DIRECTIONS FOR THIS TASK. Which lines run from the one containing "this 1429×1424 image." through the end of the data? Write them out exactly, with the pictures left out.

Annotated photo localization data.
++++++
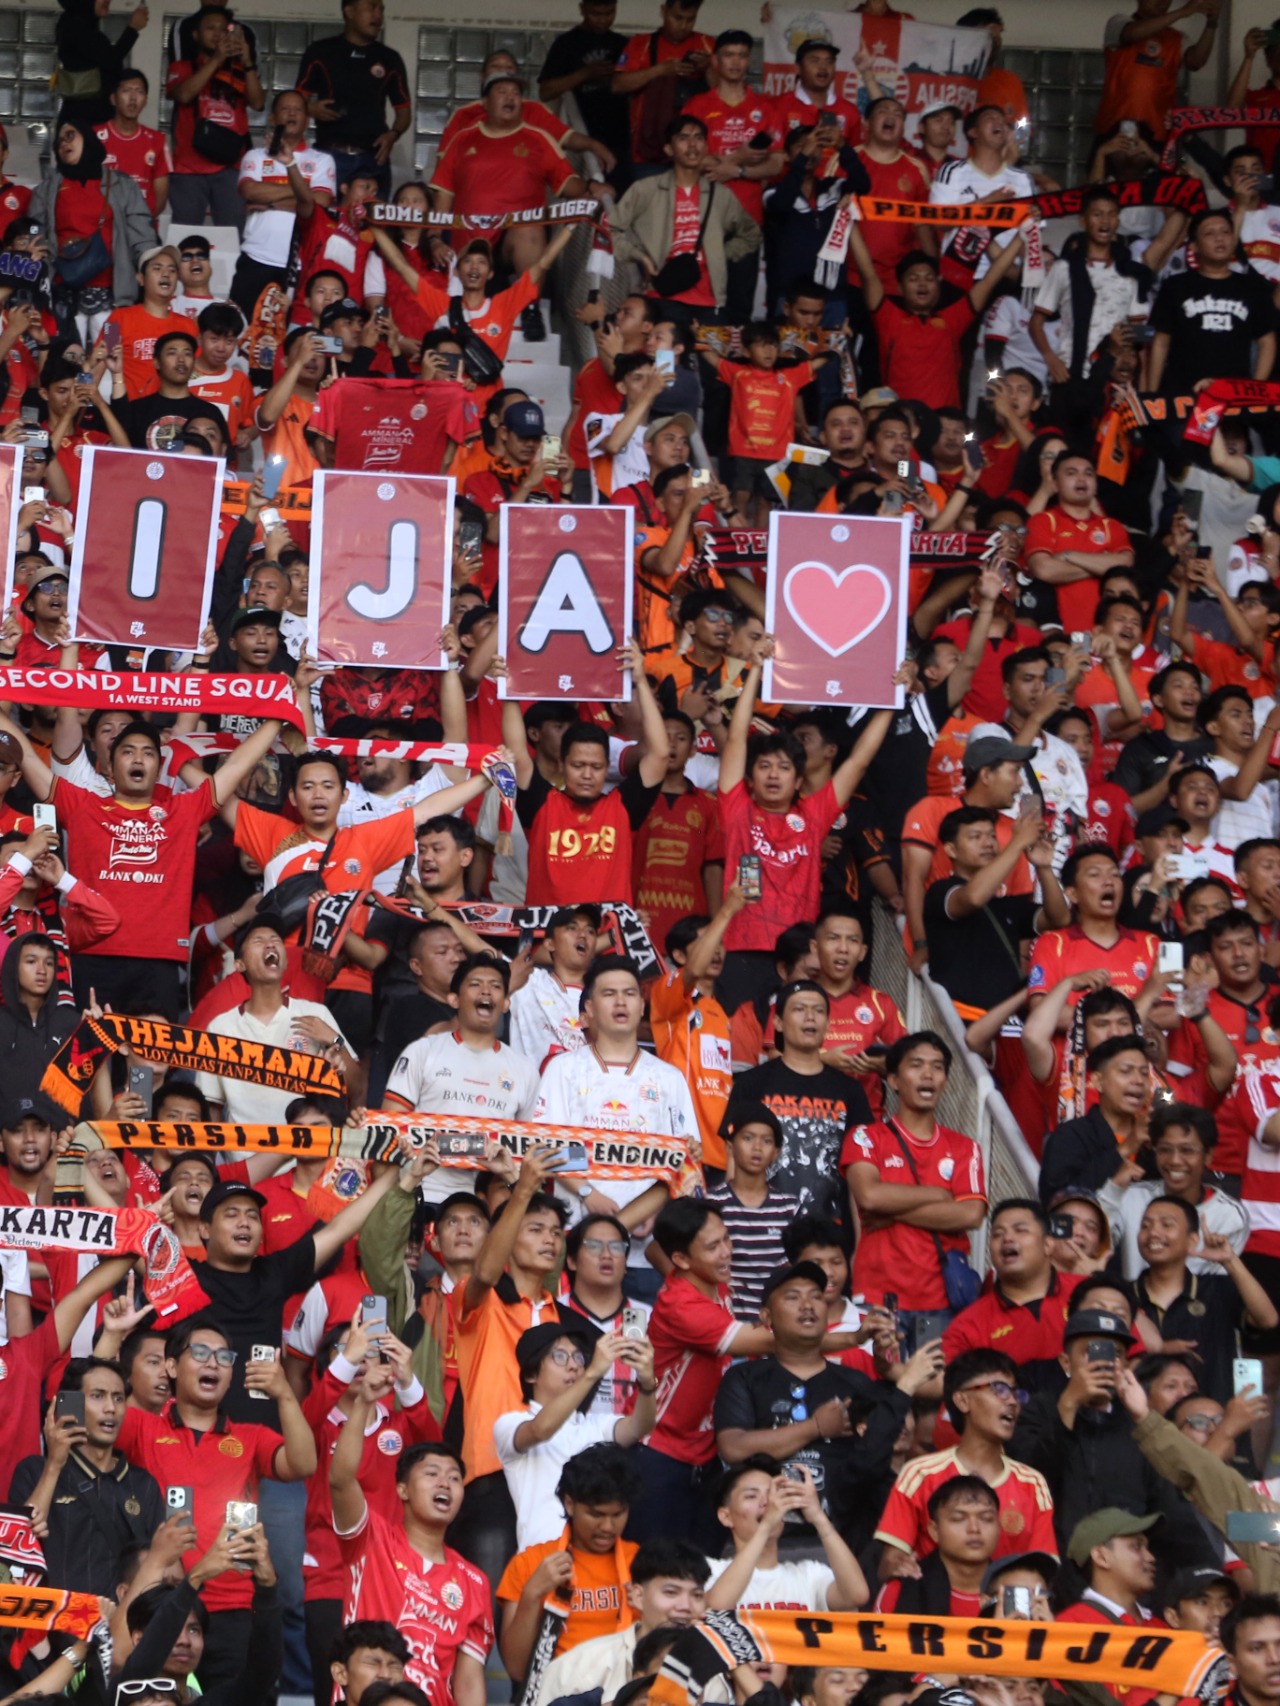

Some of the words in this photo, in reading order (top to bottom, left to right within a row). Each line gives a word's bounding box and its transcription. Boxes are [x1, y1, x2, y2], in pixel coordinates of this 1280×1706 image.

[373, 203, 424, 223] COME
[548, 199, 599, 219] TIGER
[874, 202, 1017, 221] PERSIJA
[127, 497, 167, 600] I
[345, 519, 420, 622] J
[518, 548, 617, 656] A
[131, 674, 204, 697] LINE
[108, 692, 125, 704] 1A
[125, 694, 158, 706] WEST
[160, 695, 202, 708] STAND
[99, 869, 131, 882] BANK
[144, 873, 164, 884] DKI
[143, 1046, 216, 1073] LOYALITAS
[216, 1062, 263, 1083] TANPA
[263, 1072, 307, 1094] BATAS
[442, 1090, 476, 1104] BANK
[486, 1098, 508, 1112] DKI
[120, 1124, 313, 1149] PERSIJA
[593, 1141, 687, 1171] ENDING
[795, 1617, 1175, 1671] PERSIJA
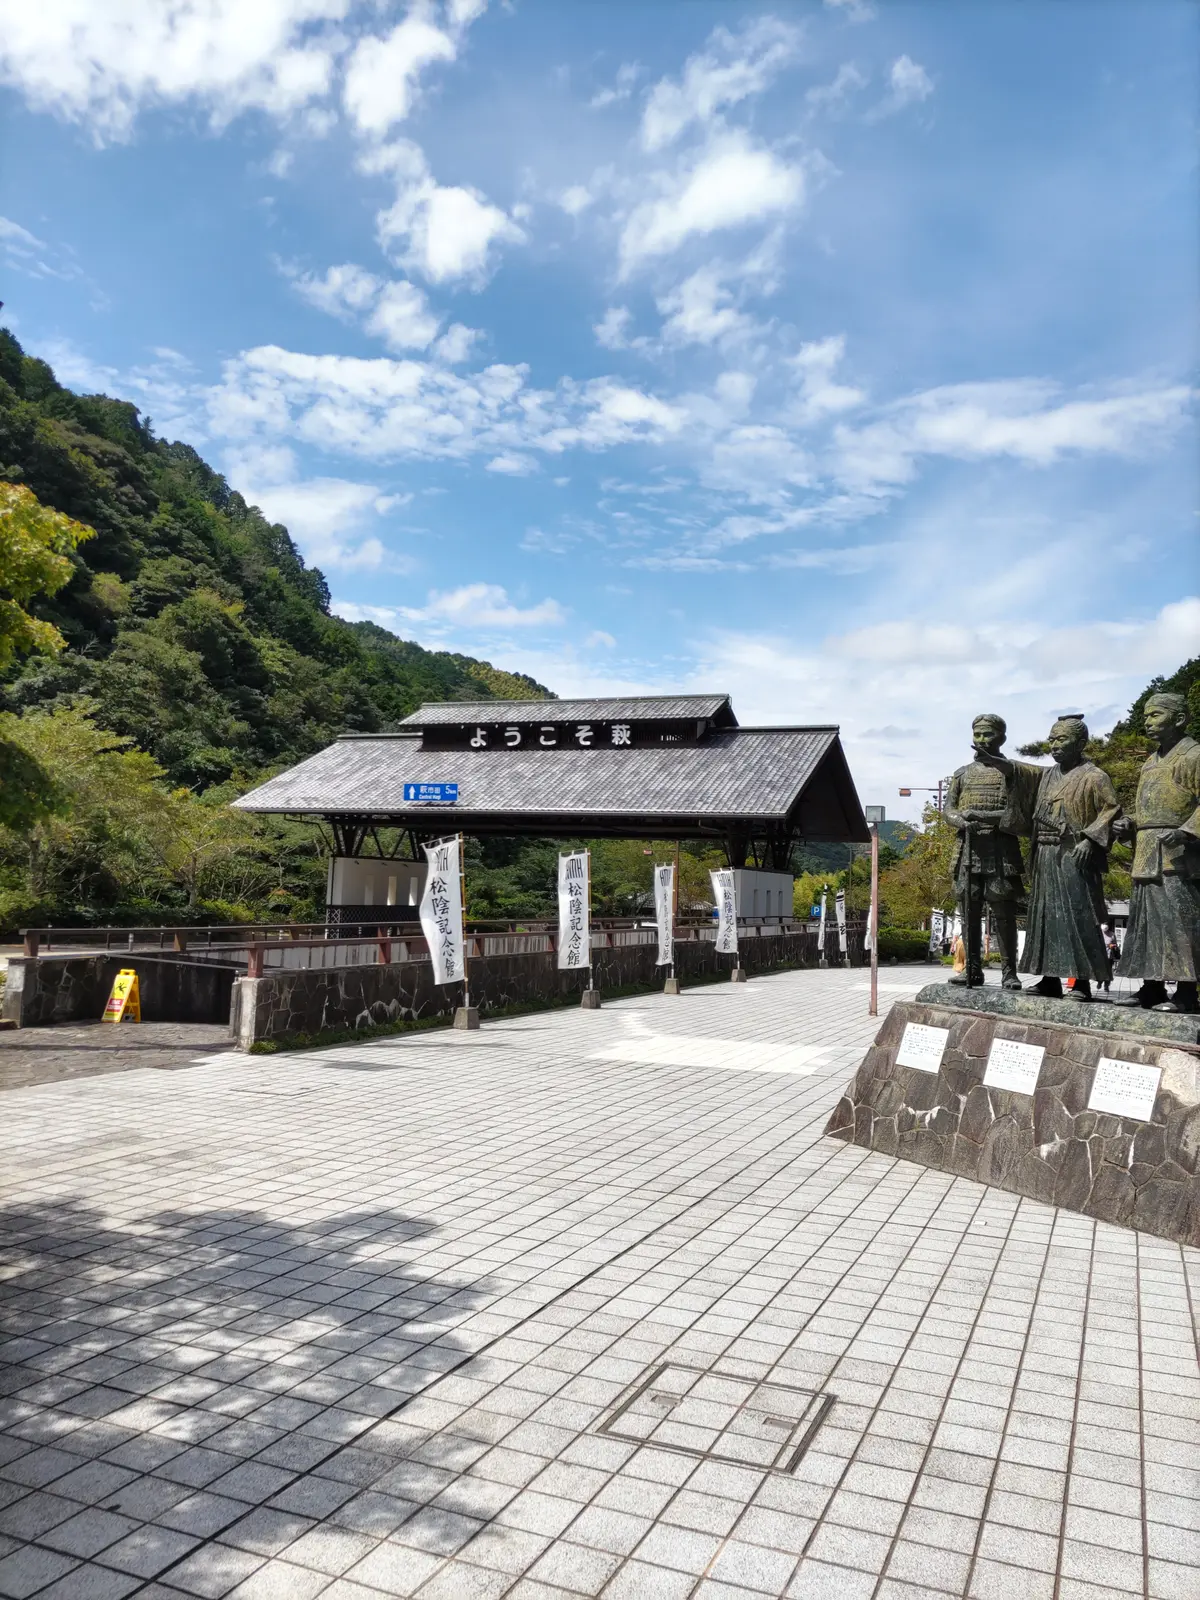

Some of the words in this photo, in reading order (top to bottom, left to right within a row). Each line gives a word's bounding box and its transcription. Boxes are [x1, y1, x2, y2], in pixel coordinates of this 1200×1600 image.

[470, 723, 632, 747] ようこそ萩
[429, 876, 456, 978] 松陰記念館
[565, 882, 583, 966] 松陰記念館
[722, 889, 735, 950] 松陰記念館
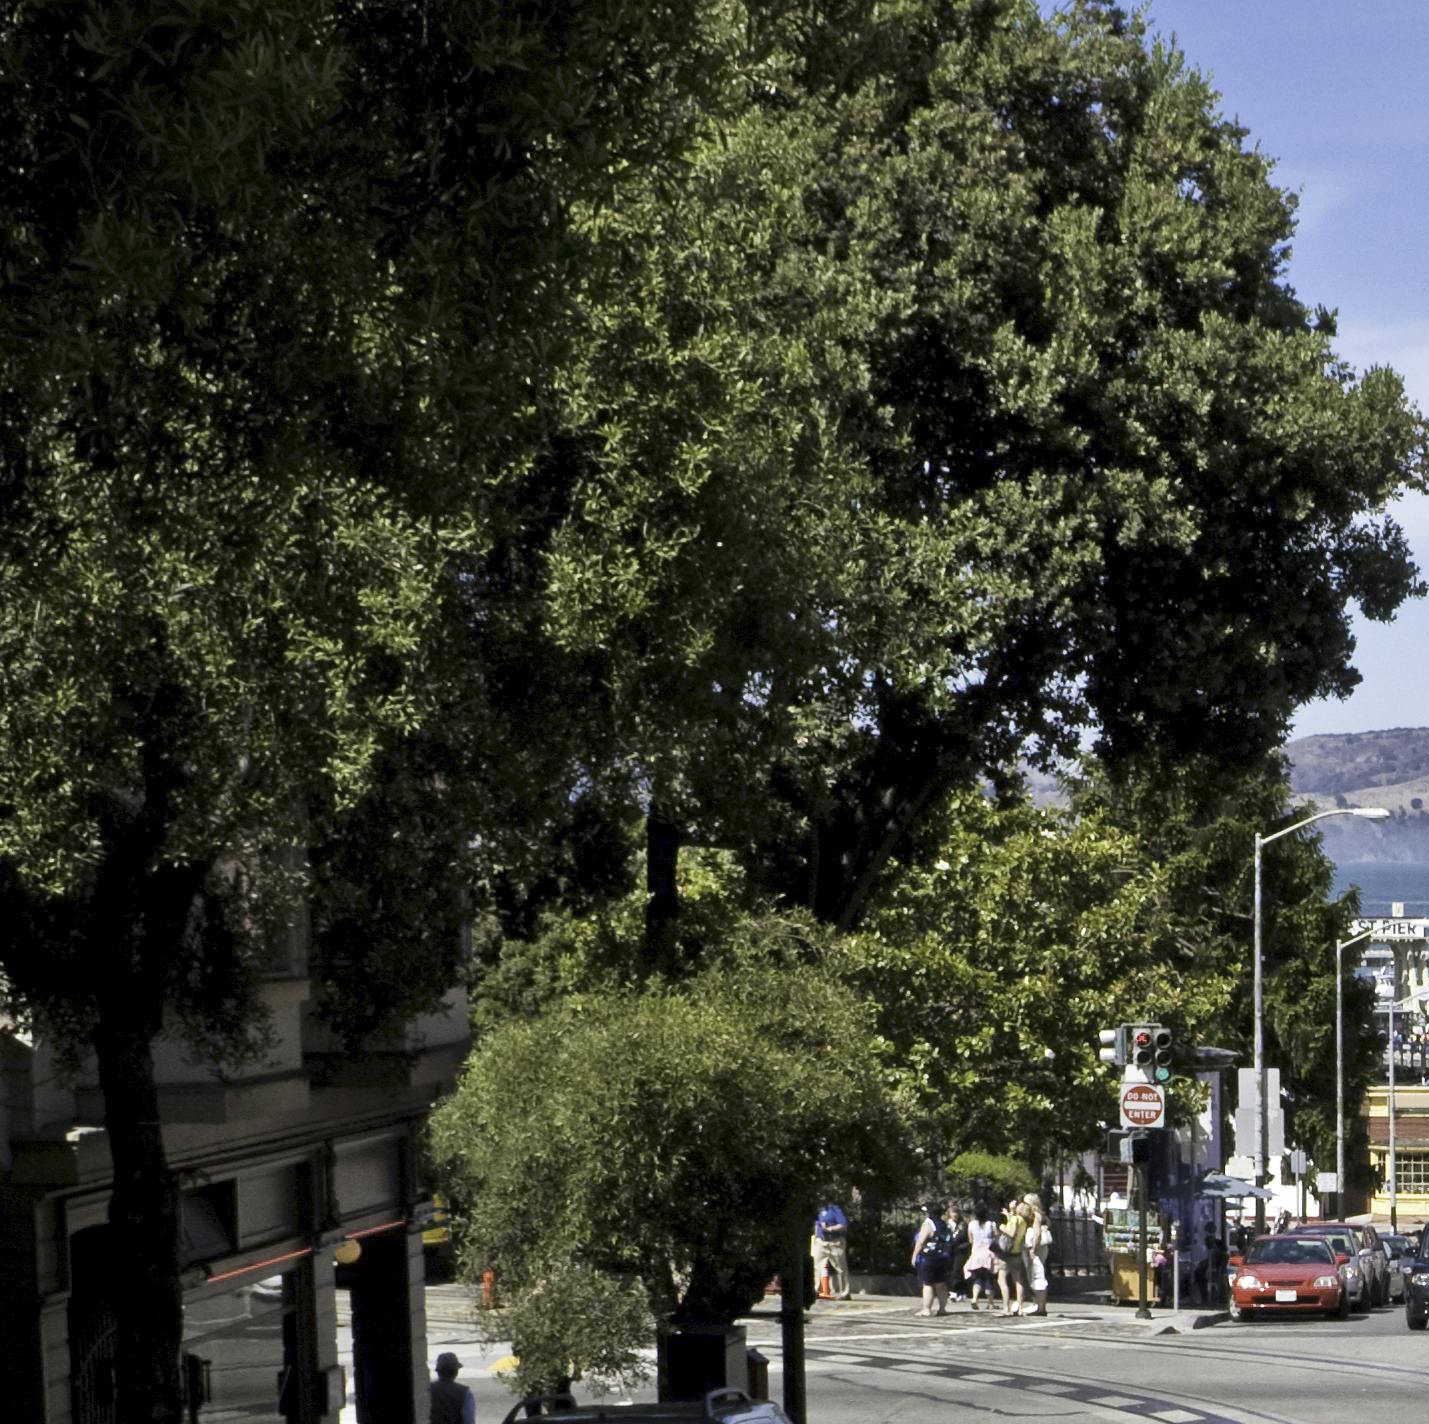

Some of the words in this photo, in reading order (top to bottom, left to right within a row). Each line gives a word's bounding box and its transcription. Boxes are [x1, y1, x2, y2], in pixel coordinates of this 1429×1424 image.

[1382, 919, 1417, 935] PIER
[1127, 1092, 1139, 1100] DO
[1141, 1092, 1158, 1101] NOT
[1128, 1110, 1157, 1119] ENTER
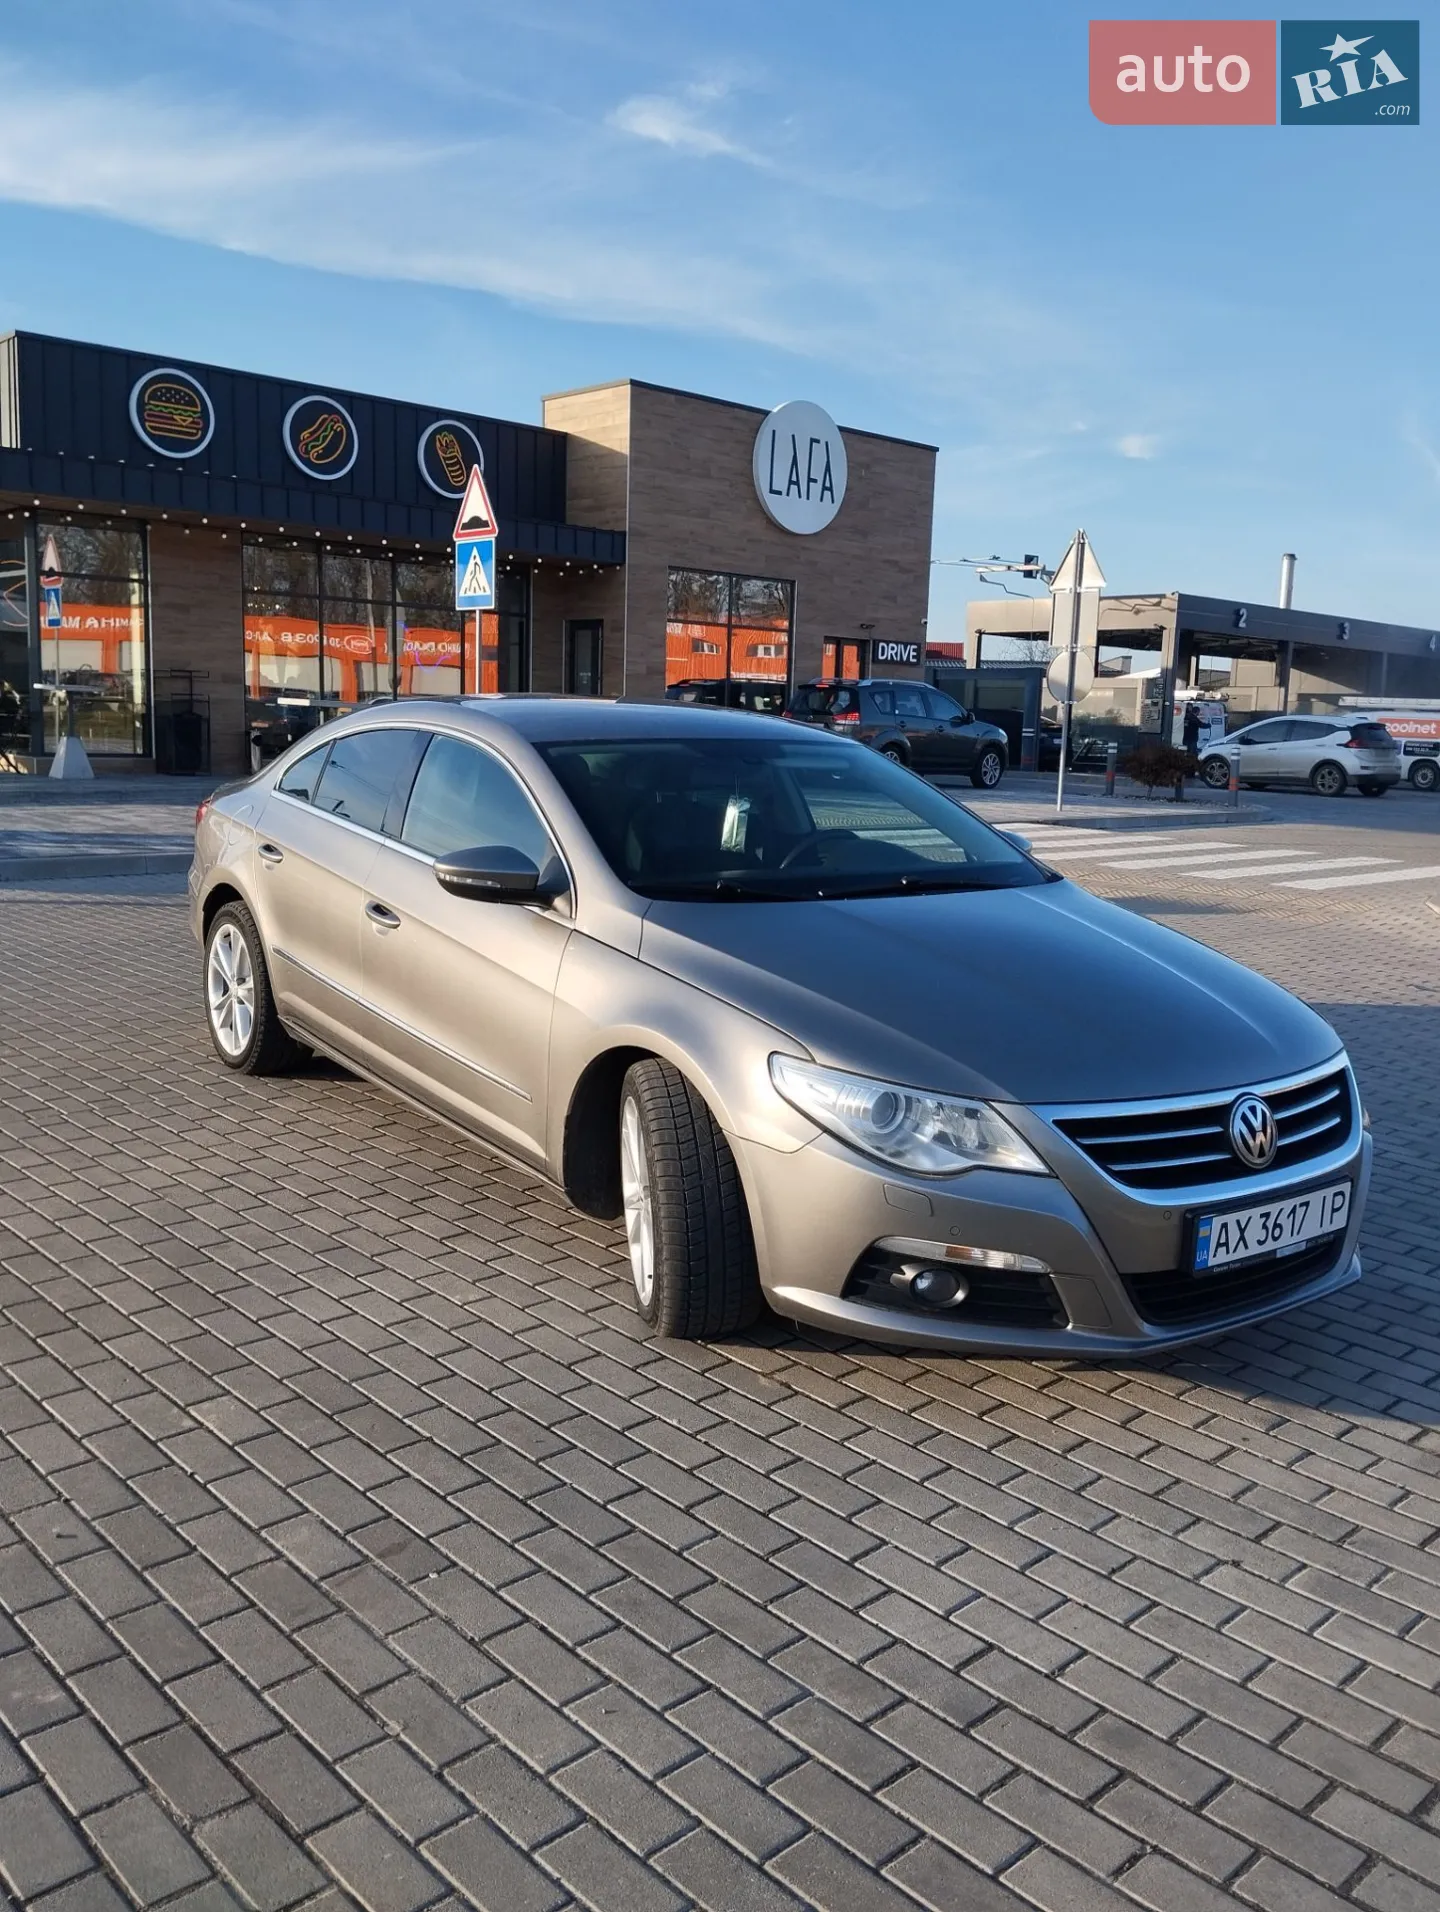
++++++
SOLUTION TO THIS EXERCISE.
Some of the words in this photo, in reading order (top to bottom, left to right within a row). Each line gives a word's bounding box and its transcription. Boxes are [x1, y1, x2, y2], in pixel coordinates of this 1429×1424 image.

[1382, 919, 1417, 935] PIER
[1127, 1092, 1139, 1100] DO
[1141, 1092, 1158, 1101] NOT
[1128, 1110, 1157, 1119] ENTER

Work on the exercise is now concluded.